━━━ SOURCE MATERIAL ━━━
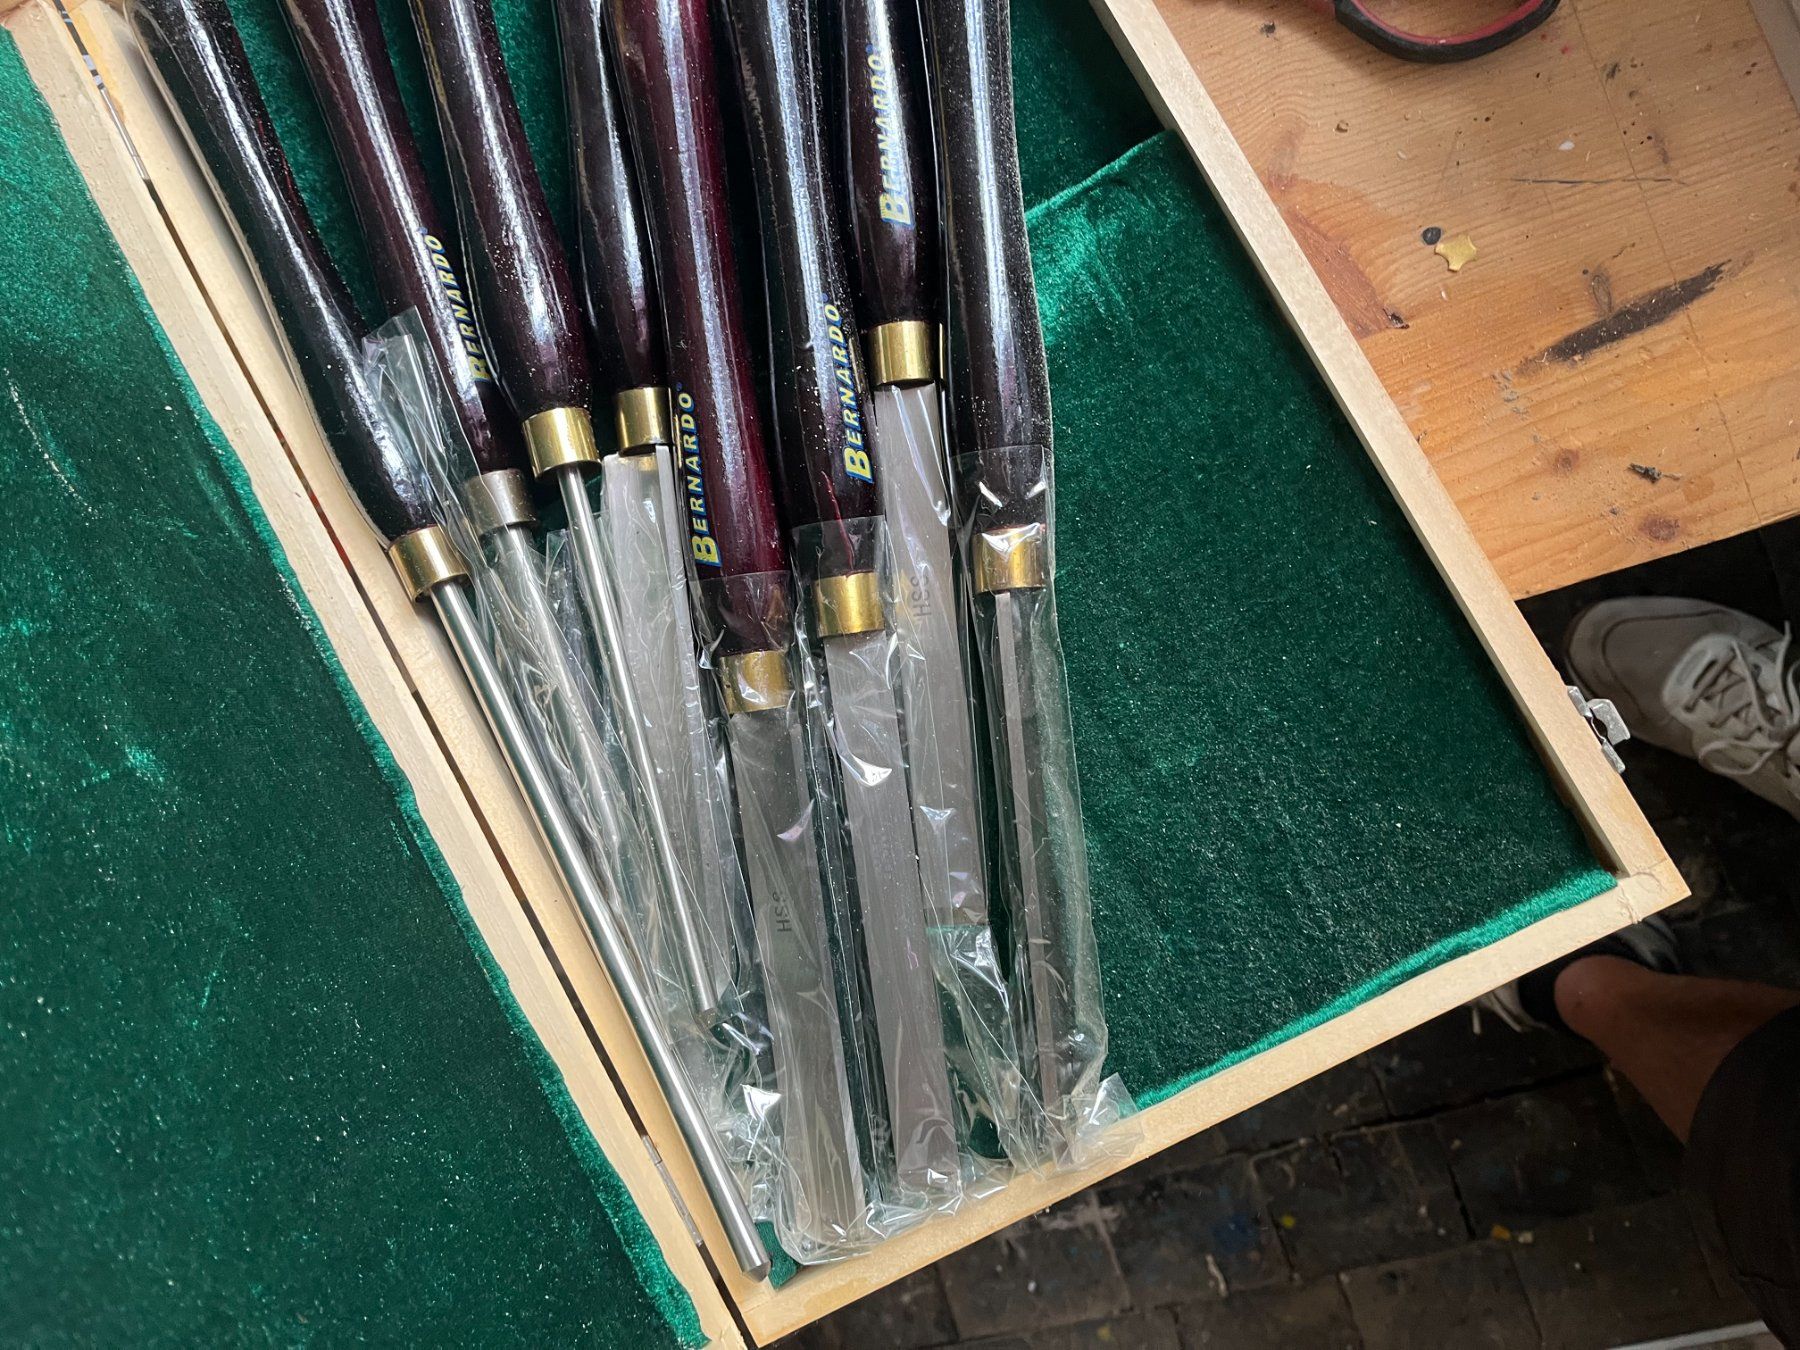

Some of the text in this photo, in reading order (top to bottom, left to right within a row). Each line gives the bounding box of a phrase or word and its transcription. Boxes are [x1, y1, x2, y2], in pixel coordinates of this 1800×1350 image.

[867, 53, 914, 227] BERNARDO
[424, 234, 491, 382] BERNARDO
[824, 303, 874, 483] BERNARDO
[678, 392, 722, 568] BERNARDO
[910, 575, 932, 617] HSS
━━━
> _REQUIREMENT_: Write out the entries above verbatim; the pictures do not belong in your copy.

> _WRITTEN RESPONSE_:
Some of the text in this photo, in reading order (top to bottom, left to right within a row). Each line gives the bounding box of a phrase or word and its transcription. Boxes are [x1, y1, x2, y2], in pixel coordinates of this 1800×1350 image.

[867, 53, 914, 227] BERNARDO
[424, 234, 491, 382] BERNARDO
[824, 303, 874, 483] BERNARDO
[678, 392, 722, 568] BERNARDO
[910, 575, 932, 617] HSS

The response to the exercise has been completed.